El Magazín Cultural

Pisaré tu alma (Cuentos de sábado en la tarde)

La oxidada nevera sonaba como triturador de carne, aspas que absorbían viento y, algunas veces, insectos.

Diego Lurduy
29 de junio de 2024 - 09:00 p. m.
"La nevera no dejó de funcionar con la puerta abierta. Sonaba como triturador de carne".
"La nevera no dejó de funcionar con la puerta abierta. Sonaba como triturador de carne".
Foto: Nick Magwood - Pixabay

Ningún otro electrodoméstico estaba conectado a la corriente eléctrica: él necesitaba que los cuerpos desmembrados de esos pequeños se mantuvieran frescos, inodoros… por lo demás, que la oscuridad y el silencio del apartamento aislado de la Calle 22 -ese agujero enterrado en el subsuelo que no tenía ventanas más allá de dos cuadrados traslúcidos del tamaño de una caja de cereal- se mantuviera repulsivo, claustrofóbico, lóbrego, fuera del alcance visual del turista curioso que paseaba por el centro gótico de la ciudad.

Él. Ojos abiertos, demencialmente abiertos, negros, profundos que sumaban pozos desbordados de almas destrozadas. Observaba el óxido, el mapa dibujado en el ataúd helado de sus crímenes, deslizando la hoja de la navaja por su lengua en un maquiavélico sube y baja. Agitado, sucio, sudoroso, impregnado de ronchas y quemaduras, sin mucha carne colgando de sus huesos manifiestos; era un altar a la delgadez, una incidencia de ser humano que parecía descomponerse mientras se aferraba al acero filoso. Él legaba al trance en un nivel carnal superior.

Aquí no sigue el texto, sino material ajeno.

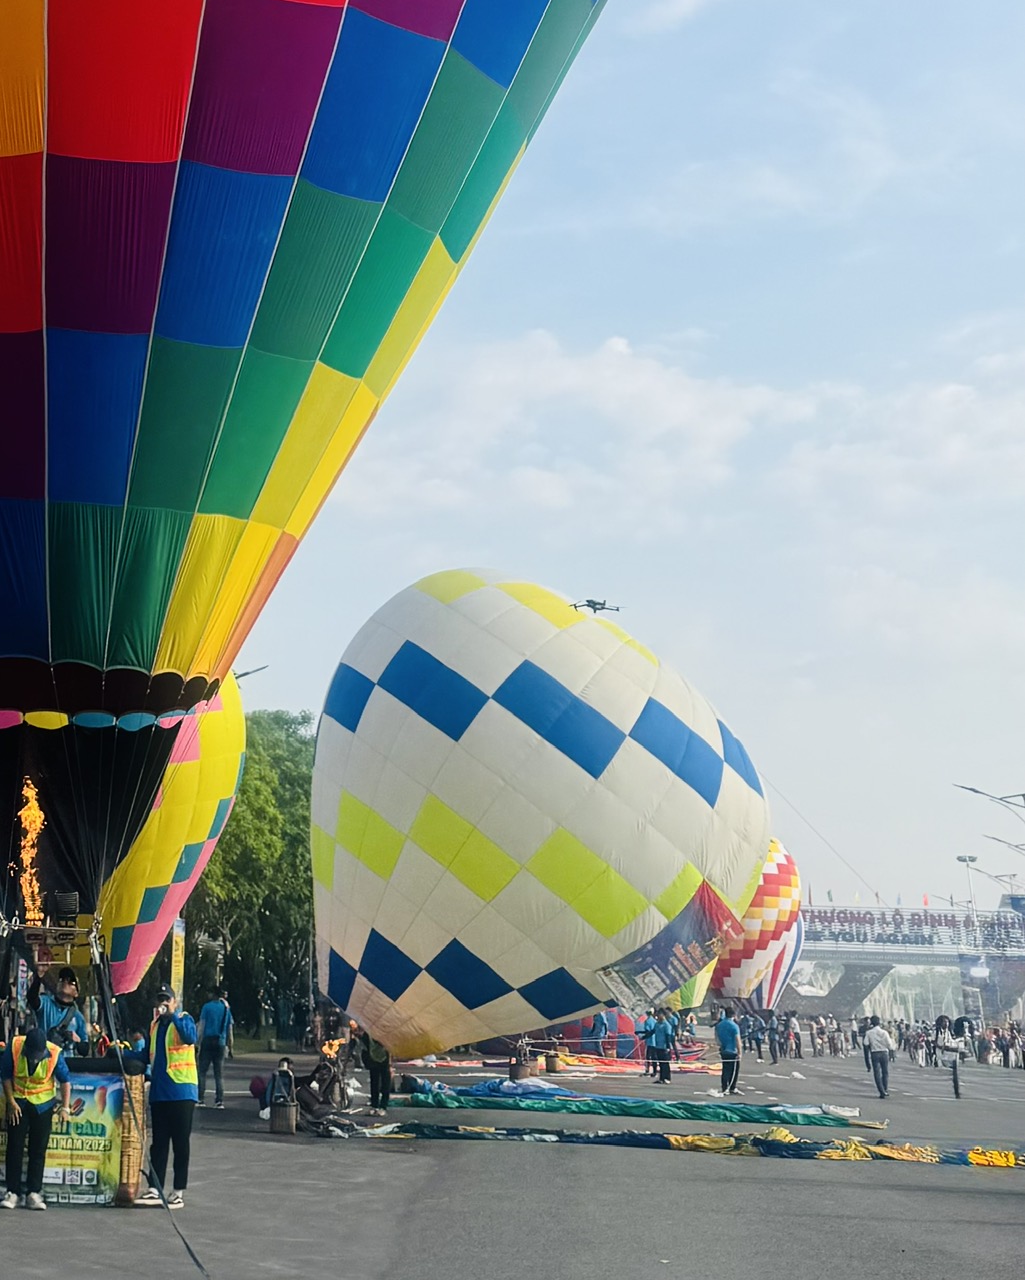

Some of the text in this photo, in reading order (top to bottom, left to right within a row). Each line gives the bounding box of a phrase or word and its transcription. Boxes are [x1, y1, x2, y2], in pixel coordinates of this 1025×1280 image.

Bufó. Abrió sus piernas y clavó al arma blanca en el roído sillón donde expiraba, cerca de sus testículos, sin miedo a tajar de una vez por todas su sexo, sin miedo a bañarse de heces, porque la sangre era su erotismo, su escala de Sol, un atractivo sonido de flauta Hohner: “re, re, fa, fa, la, la, sol, do, do, mi, mi sol, sol, fa…”; él, una voz de niño en un cuerpo de animal.

Jadeaba de placer al acercarse a su fuente. De momento, se sostenía en pie por la efervescencia del acto criminal, para revisar las cabezas de sus trofeos, de los infantes que logró acechar en la plaza. Maldito. Abrió la nevera y sujeto las bolsas con dos pequeños cráneos congelados, manchados de sangre en el cuello por el ajetreo prolijo del corte de una sierra; impolutos en el hueso frontal. Lamió el plástico y se torció de dolor, o placer…

Las bolsas cayeron al piso y casi rebotaron como balones desinflados. Sus ojos se blanquearon y una voz grave, abismal, fuera de cualquier contexto sonoro identificable, pronunció en un español pausado y terrorífico: “voy a pisar tu alma”.

La inmundicia tiembla, las cabezas ruedan, el sonido del mundo infame corroe la realidad, la oscuridad se traga el día y el leviatán rompe todo mientras llega al huésped. El cuerpo de él se zarandeó imposiblemente, la babaza no paró de fluir. Levitó con violencia del suelo, su pecho respiraba el terror, el miedo al fin manifiesto. El episodio: una gigante mano invisible estrujando huesos, segueteando la infamia de un enfermo desgraciado, deshaciéndolo con cada sacudida; golpes brutales, de arriba abajo, el maquiavélico sube y baja… un charco de sangre y huesos licuados fueron la montaña visible restante de la, tal vez justa, posesión.

Maldad devorando maldad. La nevera no dejó de funcionar con la puerta abierta. Sonaba como triturador de carne.